A chick flick with a serious pedigree, Evening offers up Vanessa Redgrave as an aging, ailing matriarch whose deathbed dreams revolve around a balmy weekend many decades past with her first great love. As flesh and consciousness slip into a place of pure memory (which is where the movie mostly occurs), Redgrave relates her tale to her grown daughters (Toni Collette and real-life Redgrave offspring Natasha Richardson), but mostly to herself.
Claire Danes plays Redgrave's younger self (and though they look nothing alike, both women have the commanding presences to make this a good casting choice), who finds romance at a friend's wedding nearly a century ago. The object of Redgrave/Danes' affection is Patrick Wilson (who performed a similar function recently in Little Children), but then again, it seems like just about everybody is in love with this golden boy — from the soon-to-be-bride (Mamie Gummer) to her possibly-gay brother (Hugh Dancy). The entire movie basically just becomes a waiting game for the sparks to fly, which they eventually do (although not in particularly spectacular or even interesting fashion).

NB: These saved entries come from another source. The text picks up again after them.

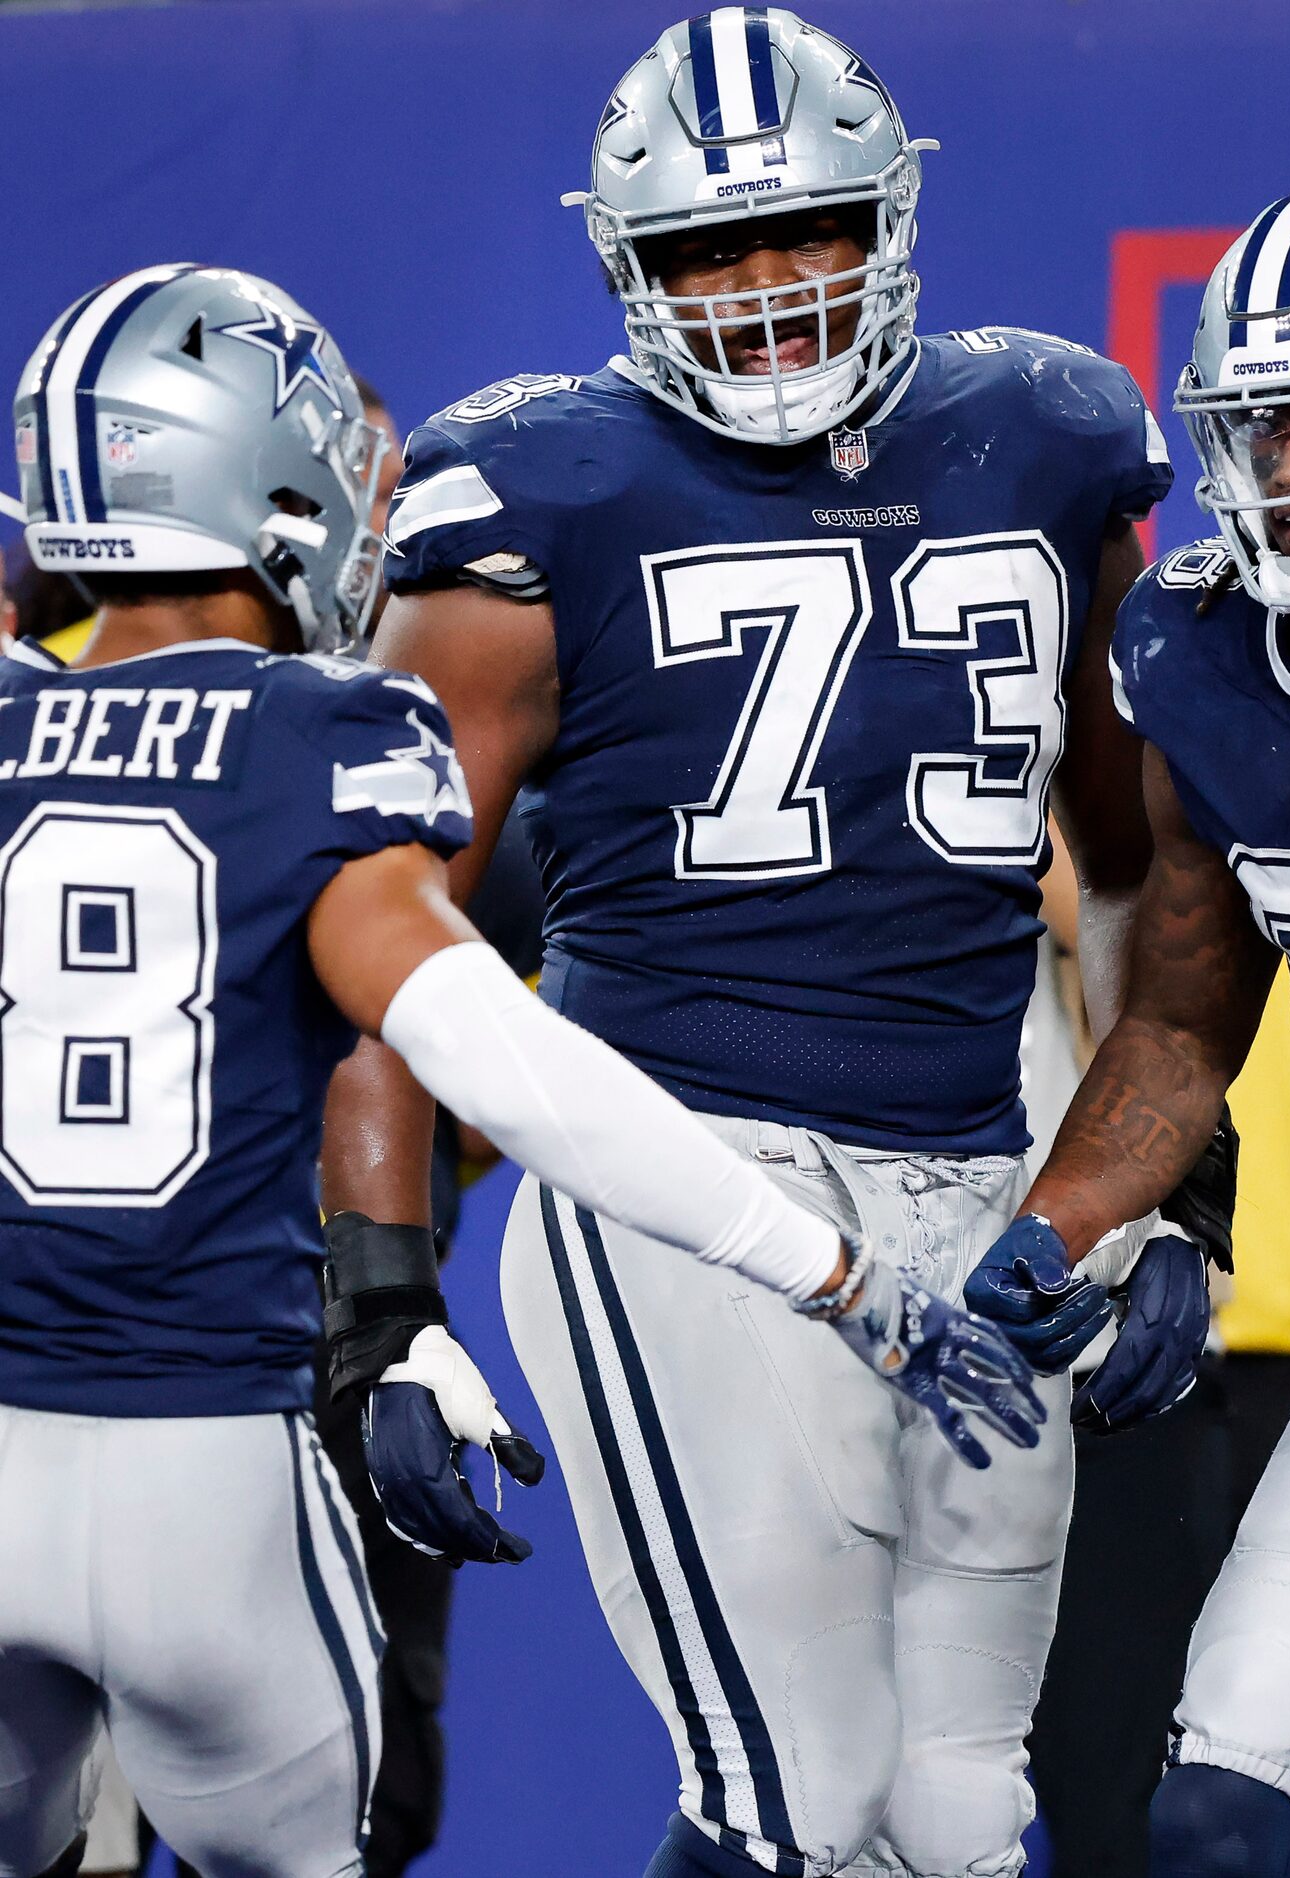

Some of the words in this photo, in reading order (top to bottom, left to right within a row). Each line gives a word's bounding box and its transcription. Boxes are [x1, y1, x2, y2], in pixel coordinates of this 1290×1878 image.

[717, 177, 782, 197] COWBOYS
[1233, 360, 1289, 376] COWBOYS
[837, 447, 864, 468] NFL
[812, 504, 920, 528] COWBOYS
[640, 529, 1069, 880] 73
[0, 687, 252, 781] BERT
[0, 800, 219, 1208] 8
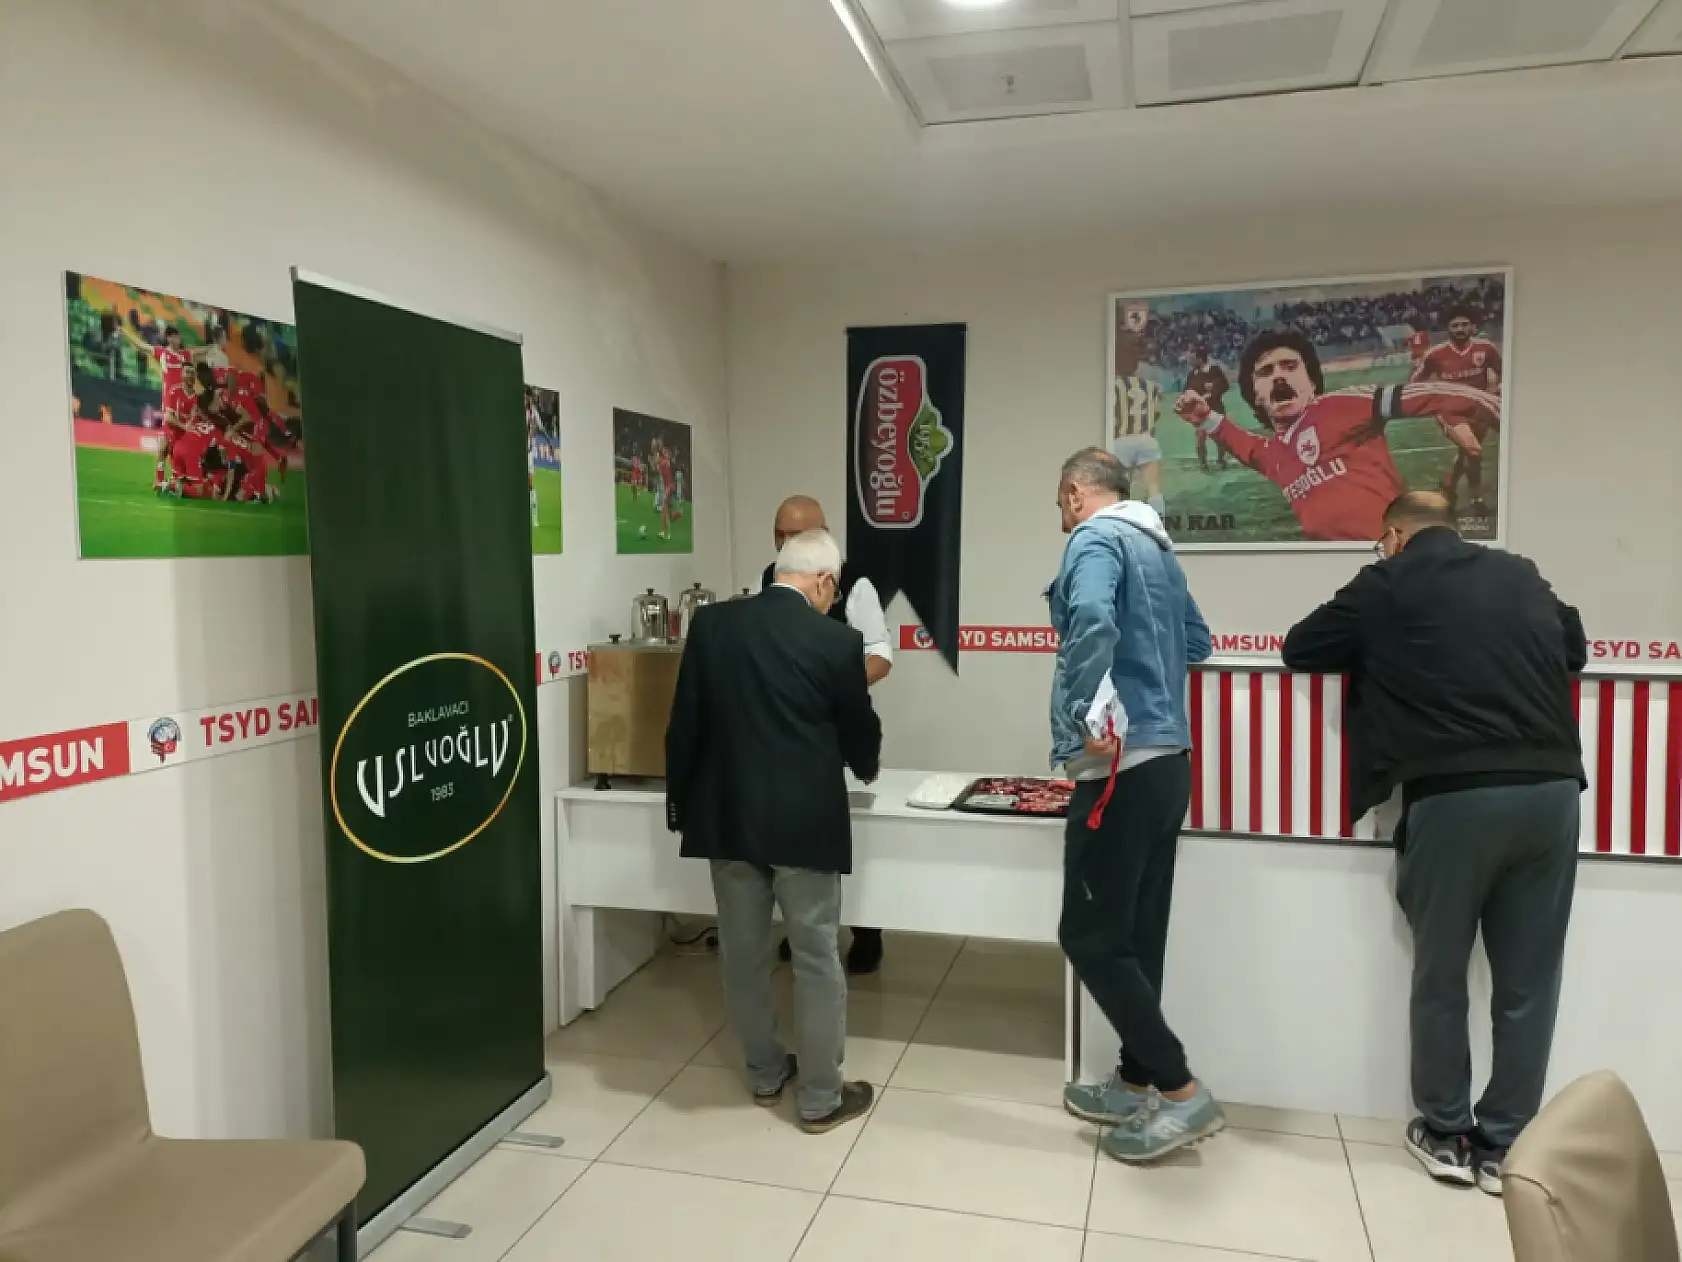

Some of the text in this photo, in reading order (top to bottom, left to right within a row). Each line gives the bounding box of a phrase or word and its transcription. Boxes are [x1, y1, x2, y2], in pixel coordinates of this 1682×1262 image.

[870, 368, 904, 516] özbeyoğlu
[1187, 513, 1235, 531] KAR
[959, 631, 986, 646] YD
[408, 701, 469, 728] BAKLAVACI
[200, 707, 271, 747] TSYD
[430, 782, 454, 803] 1983
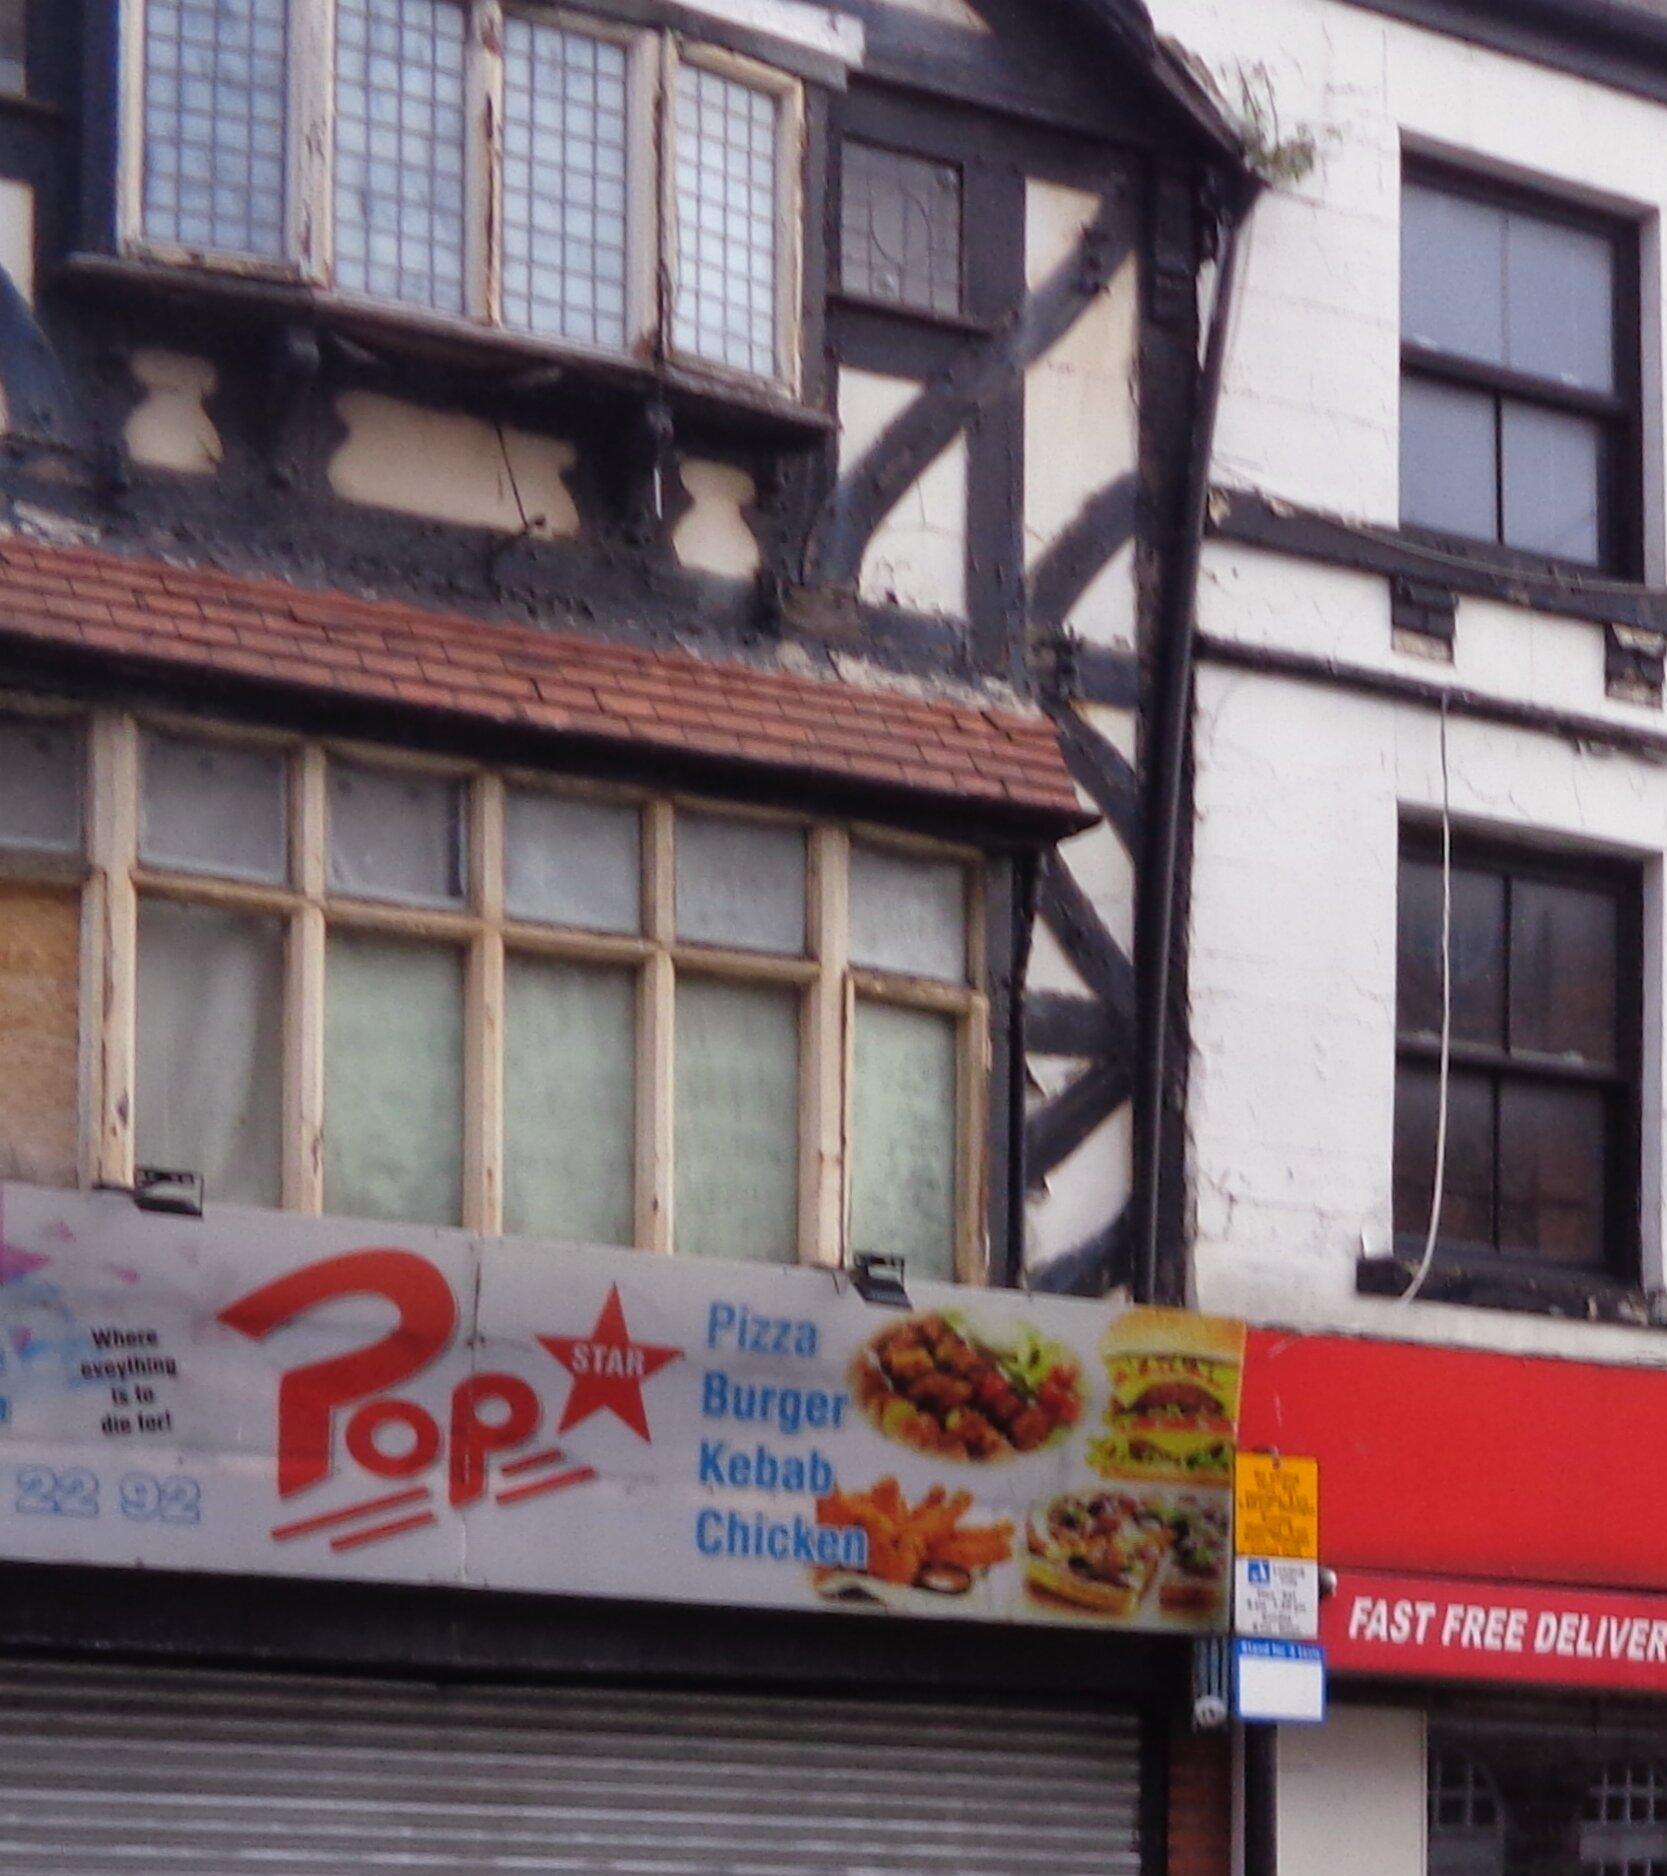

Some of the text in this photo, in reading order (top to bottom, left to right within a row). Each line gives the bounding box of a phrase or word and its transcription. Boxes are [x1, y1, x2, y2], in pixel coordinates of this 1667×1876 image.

[92, 1326, 159, 1349] Where
[706, 1301, 818, 1357] Pizza
[569, 1342, 646, 1379] STAR
[111, 1384, 155, 1406] is to
[701, 1370, 851, 1434] Burger
[101, 1411, 173, 1436] die for!
[15, 1463, 201, 1525] 22 92
[698, 1438, 834, 1496] Kebab
[694, 1507, 869, 1568] Chicken
[1348, 1596, 1437, 1645] FAST
[1441, 1603, 1529, 1653] FREE

Redgrave's memories of love are paralleled with her daughters' present-day romantic woes — Colette plays the emotionally unhinged single, while Richardson's both married and bored — but none of these individual stories is really strong enough to stand on its own. There's plenty of estrogen-laced star-power here, and the performances are uniformly solid (with one truly remarkable scene between Redgrave and Meryl Streep that's alone worth the admission price), but the material is nothing special. The script all hinges on the timeless connection between Danes and Wilson, and since that attraction really never seems very believable, the whole movie suffers.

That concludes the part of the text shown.